* Brief *
The expected result is the full set of records, copied precisely, with images dropped.
:: Dataset
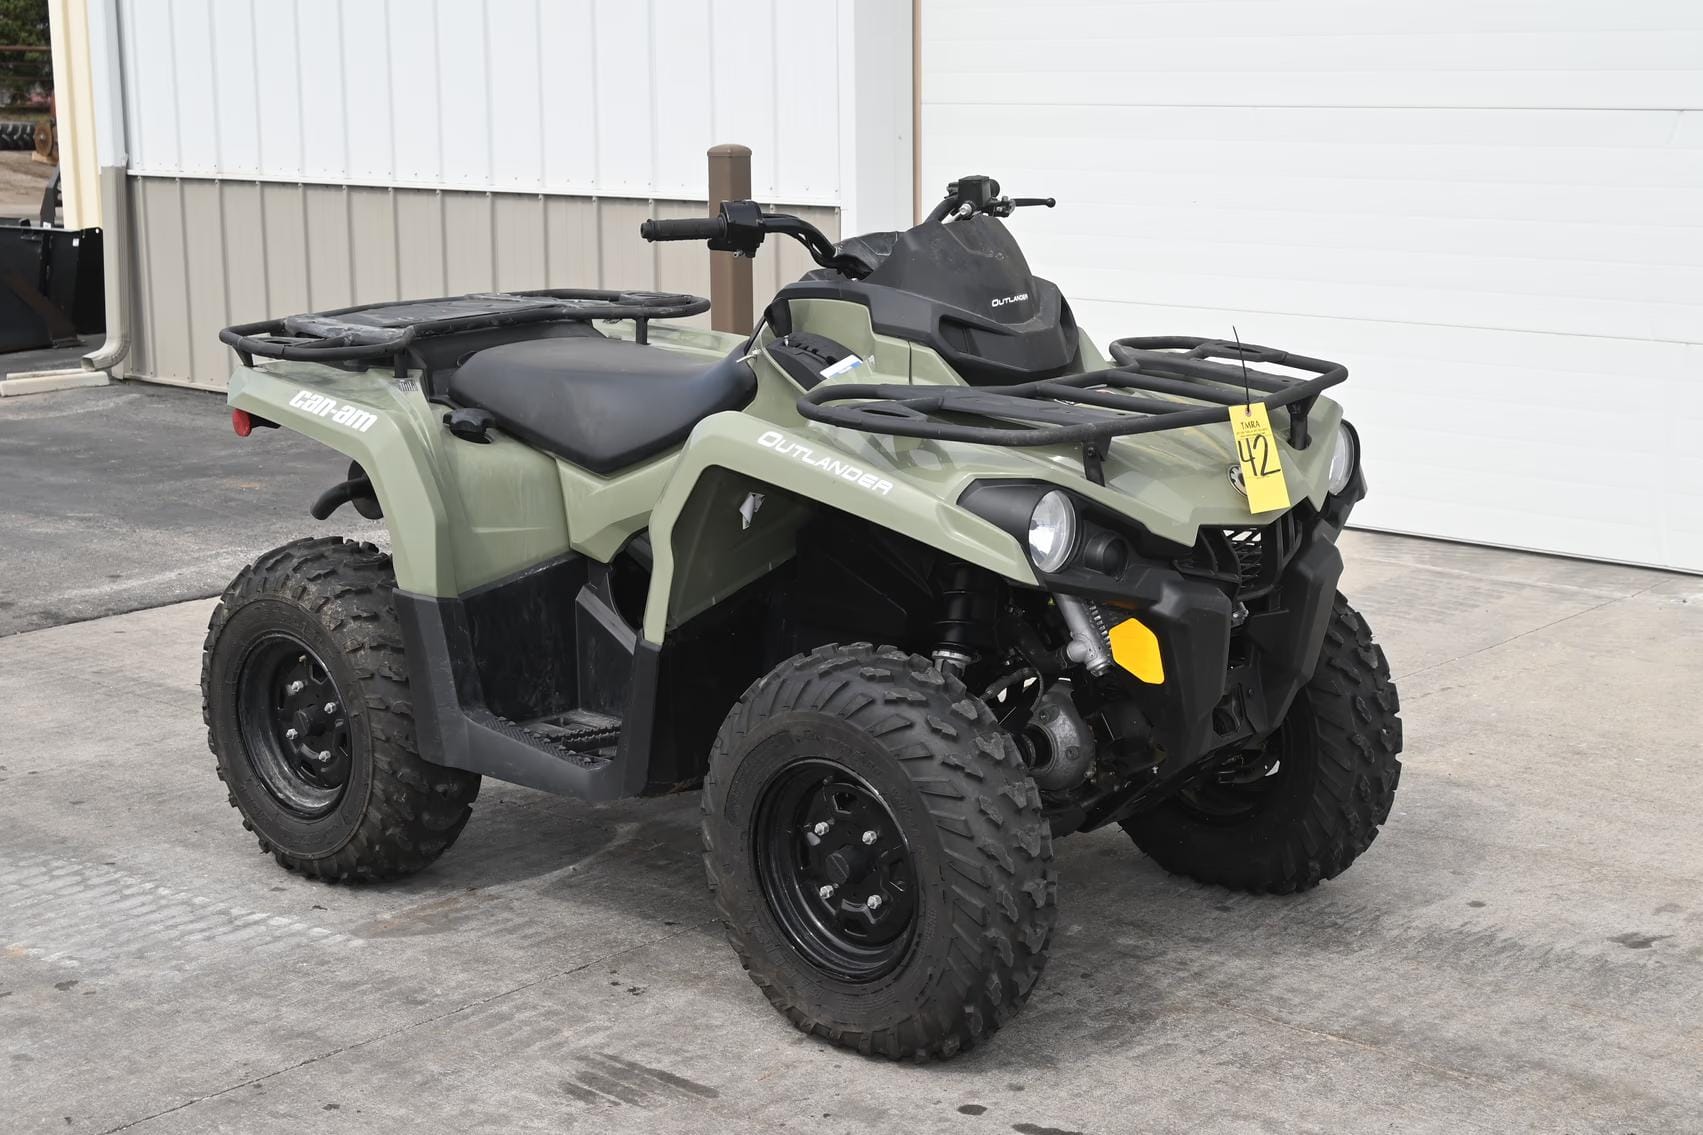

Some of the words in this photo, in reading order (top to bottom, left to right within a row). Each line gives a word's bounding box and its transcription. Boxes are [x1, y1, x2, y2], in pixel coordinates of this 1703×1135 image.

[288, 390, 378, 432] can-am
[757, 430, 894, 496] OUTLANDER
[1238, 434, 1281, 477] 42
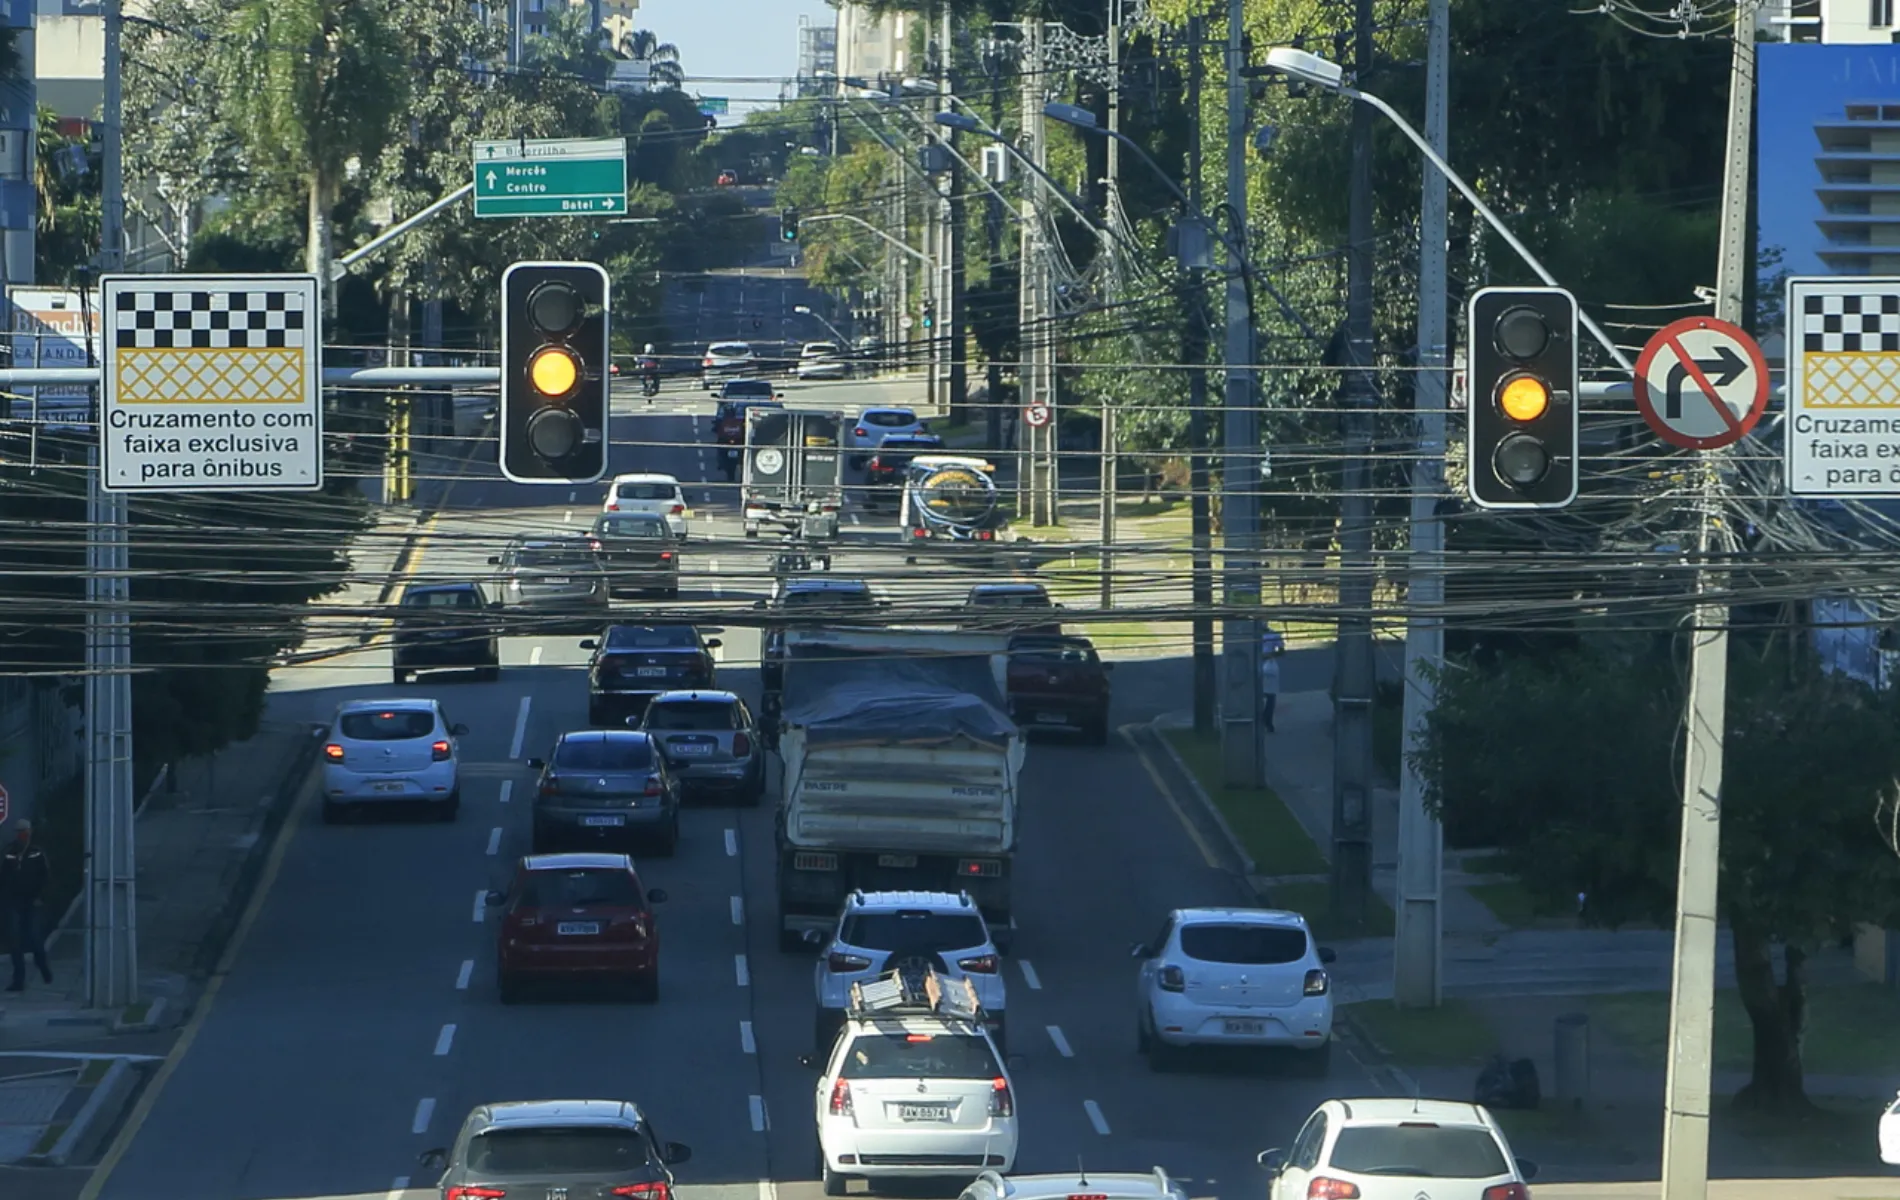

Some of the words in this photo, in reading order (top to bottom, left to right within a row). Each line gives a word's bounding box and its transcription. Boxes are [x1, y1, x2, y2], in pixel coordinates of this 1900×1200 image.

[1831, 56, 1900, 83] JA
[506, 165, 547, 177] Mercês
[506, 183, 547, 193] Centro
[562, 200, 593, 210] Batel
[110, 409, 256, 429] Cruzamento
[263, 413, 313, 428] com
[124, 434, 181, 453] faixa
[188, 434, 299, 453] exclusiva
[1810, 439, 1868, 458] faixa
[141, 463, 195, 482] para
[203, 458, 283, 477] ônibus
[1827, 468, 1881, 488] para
::::
* Problem solution *
Some of the words in this photo, in reading order (top to bottom, left to right within a row). Each line gives a word's bounding box and its transcription. Boxes are [x1, y1, x2, y2], in pixel coordinates of this 1703×1135 image.

[288, 390, 378, 432] can-am
[757, 430, 894, 496] OUTLANDER
[1238, 434, 1281, 477] 42

Some of the words in this photo, in reading order (top to bottom, left to right within a row). Each line gives a word's bounding box and its transcription. Boxes are [x1, y1, x2, y2], in pixel coordinates of this 1900×1200 image.

[1831, 56, 1900, 83] JA
[506, 165, 547, 177] Mercês
[506, 183, 547, 193] Centro
[562, 200, 593, 210] Batel
[110, 409, 256, 429] Cruzamento
[263, 413, 313, 428] com
[124, 434, 181, 453] faixa
[188, 434, 299, 453] exclusiva
[1810, 439, 1868, 458] faixa
[141, 463, 195, 482] para
[203, 458, 283, 477] ônibus
[1827, 468, 1881, 488] para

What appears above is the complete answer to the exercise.